Air travelers want airlines to deliver more real-time information to their personal devices, including updates on flight status (82%), baggage (49%) and wait-times at security and immigration checkpoints (46%), according to survey data from IATA’s latest Global Passenger Survey (GPS), released Oct. 2.

The survey polled 10,408 respondents from 145 countries.

According to the results, 56% of passengers polled described real-time baggage tracking as “a must.” Airlines and airports are facilitating this by implementing tracking at major journey points including loading and unloading, as well as by the proposed introduction of RFID inlays in all baggage tags manufactured after 2020.

IATA said 73% of passengers said they prefer receiving updates on their baggage through SMS or a Smartphone app, marking a 10% gain from 2017.

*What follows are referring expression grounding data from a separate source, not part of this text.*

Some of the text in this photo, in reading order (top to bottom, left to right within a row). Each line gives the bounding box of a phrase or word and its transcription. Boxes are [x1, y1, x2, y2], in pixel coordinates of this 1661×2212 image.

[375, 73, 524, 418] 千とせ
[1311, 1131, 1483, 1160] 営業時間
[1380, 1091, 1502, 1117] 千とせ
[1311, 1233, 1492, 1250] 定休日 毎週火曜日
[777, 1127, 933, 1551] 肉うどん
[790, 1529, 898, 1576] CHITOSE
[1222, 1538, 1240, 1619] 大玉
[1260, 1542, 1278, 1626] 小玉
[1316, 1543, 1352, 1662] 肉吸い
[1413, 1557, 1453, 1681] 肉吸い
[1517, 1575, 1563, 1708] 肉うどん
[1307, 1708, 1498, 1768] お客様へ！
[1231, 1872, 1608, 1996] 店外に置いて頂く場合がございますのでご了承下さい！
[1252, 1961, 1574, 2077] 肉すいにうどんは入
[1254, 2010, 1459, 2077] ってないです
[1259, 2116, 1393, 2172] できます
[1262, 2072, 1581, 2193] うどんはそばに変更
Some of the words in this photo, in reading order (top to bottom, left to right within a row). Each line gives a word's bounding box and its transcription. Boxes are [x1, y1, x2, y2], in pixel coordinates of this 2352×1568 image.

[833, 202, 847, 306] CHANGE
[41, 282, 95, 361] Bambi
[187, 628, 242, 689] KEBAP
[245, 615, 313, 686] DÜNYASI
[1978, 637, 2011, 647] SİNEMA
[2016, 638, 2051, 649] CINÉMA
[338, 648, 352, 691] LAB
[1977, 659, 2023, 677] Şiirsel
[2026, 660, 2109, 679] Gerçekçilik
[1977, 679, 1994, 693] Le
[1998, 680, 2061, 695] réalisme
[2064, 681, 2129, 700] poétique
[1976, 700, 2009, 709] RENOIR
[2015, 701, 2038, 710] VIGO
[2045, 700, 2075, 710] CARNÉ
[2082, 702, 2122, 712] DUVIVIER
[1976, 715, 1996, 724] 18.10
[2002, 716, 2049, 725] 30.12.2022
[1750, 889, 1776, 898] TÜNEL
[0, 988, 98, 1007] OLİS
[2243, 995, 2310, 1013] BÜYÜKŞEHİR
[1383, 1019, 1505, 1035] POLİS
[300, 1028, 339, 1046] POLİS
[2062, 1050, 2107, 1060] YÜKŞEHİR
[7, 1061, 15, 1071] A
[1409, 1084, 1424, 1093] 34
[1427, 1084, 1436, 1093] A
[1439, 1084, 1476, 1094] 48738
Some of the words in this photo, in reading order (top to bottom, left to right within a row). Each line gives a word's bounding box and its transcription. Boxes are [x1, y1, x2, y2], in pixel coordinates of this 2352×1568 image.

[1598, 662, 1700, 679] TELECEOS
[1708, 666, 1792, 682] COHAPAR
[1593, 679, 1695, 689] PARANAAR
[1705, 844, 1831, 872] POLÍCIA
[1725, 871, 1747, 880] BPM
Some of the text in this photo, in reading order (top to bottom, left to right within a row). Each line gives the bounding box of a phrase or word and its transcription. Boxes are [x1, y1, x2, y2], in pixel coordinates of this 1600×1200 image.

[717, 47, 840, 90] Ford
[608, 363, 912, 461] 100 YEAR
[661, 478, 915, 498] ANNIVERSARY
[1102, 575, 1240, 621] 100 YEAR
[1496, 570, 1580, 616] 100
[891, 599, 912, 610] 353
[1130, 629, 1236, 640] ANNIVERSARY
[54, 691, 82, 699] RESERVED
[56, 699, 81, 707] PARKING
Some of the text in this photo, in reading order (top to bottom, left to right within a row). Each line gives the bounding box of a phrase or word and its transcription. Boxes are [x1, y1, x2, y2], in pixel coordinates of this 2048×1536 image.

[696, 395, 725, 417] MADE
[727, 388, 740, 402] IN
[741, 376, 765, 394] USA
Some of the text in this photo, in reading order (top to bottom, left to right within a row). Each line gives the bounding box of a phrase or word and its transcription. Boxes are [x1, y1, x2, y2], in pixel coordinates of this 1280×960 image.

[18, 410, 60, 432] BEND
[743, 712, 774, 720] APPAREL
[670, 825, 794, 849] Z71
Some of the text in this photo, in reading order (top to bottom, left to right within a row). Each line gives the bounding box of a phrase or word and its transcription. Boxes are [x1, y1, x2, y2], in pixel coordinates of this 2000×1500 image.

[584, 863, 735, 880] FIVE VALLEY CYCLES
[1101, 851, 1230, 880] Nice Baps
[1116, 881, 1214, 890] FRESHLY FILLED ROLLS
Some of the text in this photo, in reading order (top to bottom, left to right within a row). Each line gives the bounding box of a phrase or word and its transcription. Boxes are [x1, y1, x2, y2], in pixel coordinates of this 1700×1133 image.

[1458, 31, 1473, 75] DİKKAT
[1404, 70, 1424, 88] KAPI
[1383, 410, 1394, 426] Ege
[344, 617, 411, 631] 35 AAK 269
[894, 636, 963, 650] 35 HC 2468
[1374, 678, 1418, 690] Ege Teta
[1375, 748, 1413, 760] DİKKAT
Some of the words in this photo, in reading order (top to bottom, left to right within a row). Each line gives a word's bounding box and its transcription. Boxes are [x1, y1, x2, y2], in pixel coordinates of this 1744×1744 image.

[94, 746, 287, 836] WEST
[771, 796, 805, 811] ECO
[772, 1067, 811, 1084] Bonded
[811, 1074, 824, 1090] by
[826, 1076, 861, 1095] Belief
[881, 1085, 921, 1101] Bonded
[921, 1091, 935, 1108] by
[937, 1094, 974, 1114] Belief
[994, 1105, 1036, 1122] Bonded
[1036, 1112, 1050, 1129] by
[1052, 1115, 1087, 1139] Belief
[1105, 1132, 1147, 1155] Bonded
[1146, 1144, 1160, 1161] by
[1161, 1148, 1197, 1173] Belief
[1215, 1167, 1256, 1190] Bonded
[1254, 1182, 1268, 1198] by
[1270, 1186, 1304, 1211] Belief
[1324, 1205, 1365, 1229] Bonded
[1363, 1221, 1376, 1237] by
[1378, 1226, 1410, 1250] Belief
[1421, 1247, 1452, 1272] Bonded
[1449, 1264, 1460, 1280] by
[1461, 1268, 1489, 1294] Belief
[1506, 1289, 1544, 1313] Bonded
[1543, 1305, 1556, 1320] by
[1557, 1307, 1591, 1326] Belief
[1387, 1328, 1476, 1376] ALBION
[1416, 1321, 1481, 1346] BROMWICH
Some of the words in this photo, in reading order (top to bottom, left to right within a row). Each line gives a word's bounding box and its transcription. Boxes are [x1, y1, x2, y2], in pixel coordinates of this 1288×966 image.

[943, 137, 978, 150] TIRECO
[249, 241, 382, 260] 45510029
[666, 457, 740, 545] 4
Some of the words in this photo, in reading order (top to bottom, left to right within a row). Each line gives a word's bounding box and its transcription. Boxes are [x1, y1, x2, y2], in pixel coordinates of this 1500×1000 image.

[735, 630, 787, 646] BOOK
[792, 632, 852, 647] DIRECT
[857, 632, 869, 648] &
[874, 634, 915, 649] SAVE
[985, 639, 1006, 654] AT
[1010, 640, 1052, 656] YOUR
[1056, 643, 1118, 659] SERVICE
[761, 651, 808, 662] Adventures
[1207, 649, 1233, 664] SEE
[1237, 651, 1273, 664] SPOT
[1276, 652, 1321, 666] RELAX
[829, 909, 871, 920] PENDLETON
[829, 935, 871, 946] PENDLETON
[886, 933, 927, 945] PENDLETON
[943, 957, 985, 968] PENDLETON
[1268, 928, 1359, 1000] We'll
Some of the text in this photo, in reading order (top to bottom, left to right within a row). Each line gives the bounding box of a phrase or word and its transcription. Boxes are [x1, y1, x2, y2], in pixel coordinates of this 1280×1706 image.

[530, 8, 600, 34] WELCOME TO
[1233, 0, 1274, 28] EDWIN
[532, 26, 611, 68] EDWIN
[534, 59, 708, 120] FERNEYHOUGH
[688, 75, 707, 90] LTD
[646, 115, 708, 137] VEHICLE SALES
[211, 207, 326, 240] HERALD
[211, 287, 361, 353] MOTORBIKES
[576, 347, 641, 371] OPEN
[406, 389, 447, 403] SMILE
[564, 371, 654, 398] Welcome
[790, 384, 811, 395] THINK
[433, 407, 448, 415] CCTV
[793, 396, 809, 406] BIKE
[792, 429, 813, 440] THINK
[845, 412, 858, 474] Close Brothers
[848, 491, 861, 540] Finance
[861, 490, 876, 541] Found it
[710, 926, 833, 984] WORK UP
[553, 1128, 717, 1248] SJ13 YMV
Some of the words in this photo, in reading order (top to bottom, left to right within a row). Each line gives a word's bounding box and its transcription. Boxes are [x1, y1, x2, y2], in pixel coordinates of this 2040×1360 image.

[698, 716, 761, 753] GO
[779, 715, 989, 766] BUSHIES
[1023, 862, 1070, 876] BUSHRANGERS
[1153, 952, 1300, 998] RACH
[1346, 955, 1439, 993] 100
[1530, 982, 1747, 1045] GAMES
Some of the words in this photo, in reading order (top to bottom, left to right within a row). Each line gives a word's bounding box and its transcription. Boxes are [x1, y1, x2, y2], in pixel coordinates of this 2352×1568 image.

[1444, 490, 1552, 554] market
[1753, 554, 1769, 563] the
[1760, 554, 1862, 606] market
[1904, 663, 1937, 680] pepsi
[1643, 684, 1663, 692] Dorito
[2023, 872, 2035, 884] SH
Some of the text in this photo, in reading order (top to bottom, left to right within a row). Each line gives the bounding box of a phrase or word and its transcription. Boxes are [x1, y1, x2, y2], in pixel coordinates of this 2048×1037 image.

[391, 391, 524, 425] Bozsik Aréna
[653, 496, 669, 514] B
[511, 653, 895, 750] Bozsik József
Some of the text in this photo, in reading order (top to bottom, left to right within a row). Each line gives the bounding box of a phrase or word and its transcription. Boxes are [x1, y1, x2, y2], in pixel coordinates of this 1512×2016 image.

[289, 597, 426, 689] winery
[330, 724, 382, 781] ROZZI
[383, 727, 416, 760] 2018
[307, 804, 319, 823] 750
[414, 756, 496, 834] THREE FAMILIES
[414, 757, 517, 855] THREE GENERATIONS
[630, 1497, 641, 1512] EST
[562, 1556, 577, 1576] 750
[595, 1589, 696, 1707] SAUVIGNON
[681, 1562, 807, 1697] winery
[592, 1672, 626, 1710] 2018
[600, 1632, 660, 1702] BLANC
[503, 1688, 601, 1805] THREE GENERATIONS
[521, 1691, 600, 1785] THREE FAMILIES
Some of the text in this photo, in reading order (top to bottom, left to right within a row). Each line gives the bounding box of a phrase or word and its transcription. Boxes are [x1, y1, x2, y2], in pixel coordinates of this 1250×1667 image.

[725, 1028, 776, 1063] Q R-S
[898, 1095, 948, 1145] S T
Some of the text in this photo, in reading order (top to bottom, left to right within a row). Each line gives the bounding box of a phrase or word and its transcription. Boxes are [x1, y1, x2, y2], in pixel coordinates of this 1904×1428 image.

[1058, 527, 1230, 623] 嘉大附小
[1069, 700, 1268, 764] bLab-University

Regarding data usage, a majority (65%) of  travelers are willing to share their personal data to gain expedited security, and 45% want to replace their passports with biometric identification. IATA has been working to shuttle passengers from curb-to-gate using a single biometric token as part of its One ID project, but the group said concerns over data privacy remain.

“As we move more and more towards digital processes, passengers need to be confident that their personal data is safe. IATA is working to establish a trust framework that ensures secure data sharing, legal compliance and privacy,” IATA SVP-airport, passenger, cargo and security Nick Careen said.

As for self-service options, 84% of passengers want automated check-in, and 47% prefer to check in online with their mobile device. Just 16% of passengers surveyed said they favor traditional check-in. Similarly, 70% of passengers want self-service baggage check-in, compared to 33% who would rather an agent tag their bag.

To be sure, some passengers still favor the human touch. For travelers age 65 and older, 25% have a strong preference for traditional check-in and 42% for bag-drop processes. And following travel disruptions, 40% of passengers of all ages prefer to resolve situations over the phone and 37% through face-to-face interaction.

Passengers identified airport security/border control and boarding processes as the two biggest frustrations of flying. The top three complaints regarding security were the intrusiveness of removing personal items (57%), removing laptops and large electronic devices from cabin bags (48%) and the lack of consistency in airport screening procedures (41%).

The three most favored ways to improve the boarding experience were identified as implementing more efficient queuing at boarding gates (64%), adding more overhead space on aircraft (42%) and not requiring passengers to queue on the air bridge (33%).